Multi-Scale Performance Benchmarking of YOLO Models for Effervescent Tablet Defect Detection

Effervescent tablets are highly hygroscopic solid dosage forms in which even minor surface defects can compromise product stability, dose uniformity, and patient safety. Reliable, high-throughput defect detection is therefore essential, yet the existing literature overwhelmingly focuses on compressed or film-coated tablets and rarely offers a systematic comparison across recent YOLO families and scales. This study presents a multi-scale performance benchmarking of three recent YOLO families—YOLO11, YOLO12, and YOLO26—on a newly constructed effervescent tablet defect dataset. The dataset comprises 251 high-resolution images acquired under controlled illumination, each containing 12 tablets, and is manually annotated in YOLO format across six physical-condition classes (intact, damaged, cracked, broken, moist, and stained), yielding 3,012 bounding-box instances. All five standard scale variants (n, s, m, l, x) of each family were trained for 100 epochs under identical hyper-parameter settings, producing fifteen model variants that are compared in terms of mAP@0.5, mAP@0.5:0.95, precision, recall, inference speed (FPS), parameter count, and FLOPs. Experimental results show that YOLO11l achieves the best overall accuracy, with 96.8% mAP@0.5 and 91.7% mAP@0.5:0.95, while YOLO11n offers the most attractive real-time trade-off at 345.9 FPS with 95.6% mAP@0.5 and only 2.5M parameters.
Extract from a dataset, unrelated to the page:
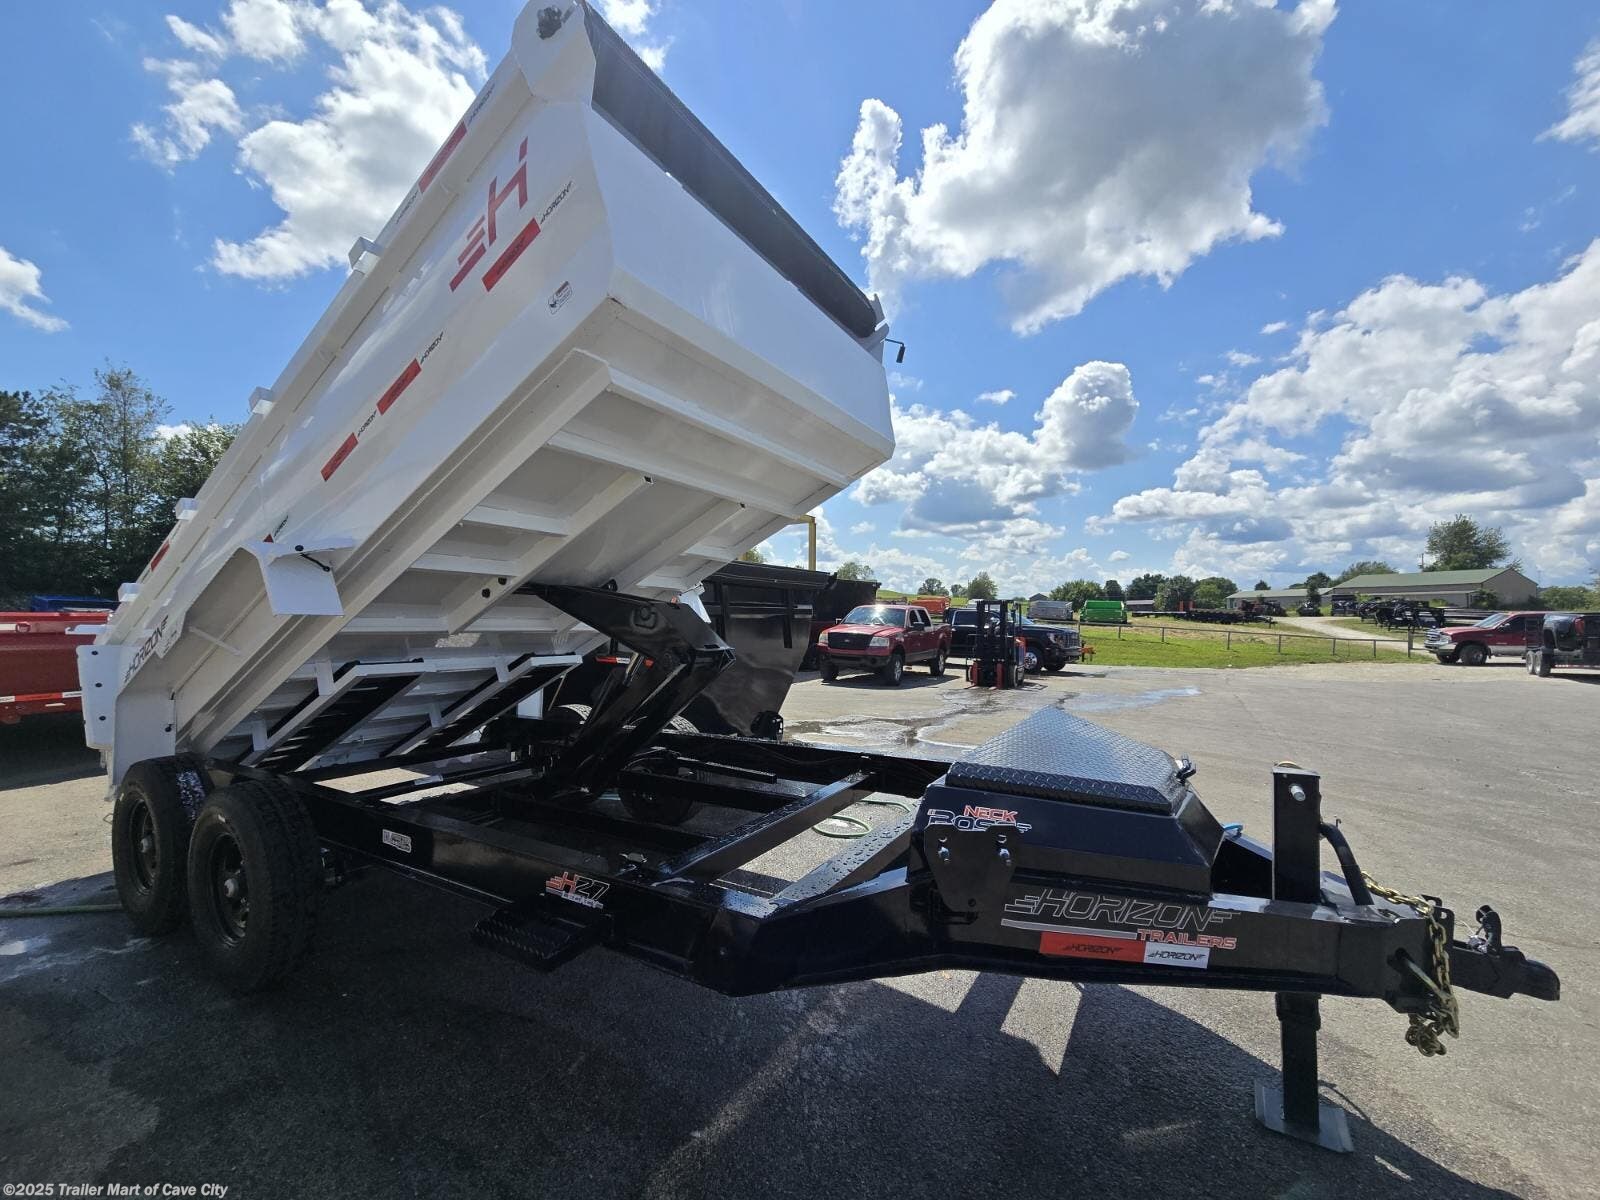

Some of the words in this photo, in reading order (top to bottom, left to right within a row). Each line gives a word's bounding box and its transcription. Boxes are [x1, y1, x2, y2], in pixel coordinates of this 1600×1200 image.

YOLO12 variants deliver competitive accuracy but at markedly lower inference speeds for the larger scales, whereas YOLO26 scales lag in the nano regime (88.0% mAP@0.5) but close the gap at l/x scales. Class-wise analysis of YOLO11l shows consistently high performance across all six defect categories, with mAP@0.5 ranging from 0.940 (damaged) to 0.994 (stained). The results provide practical guidance for selecting a YOLO configuration for real-time effervescent tablet inspection lines and demonstrate that modern nano- and small-scale detectors are already sufficient for high-throughput pharmaceutical quality control.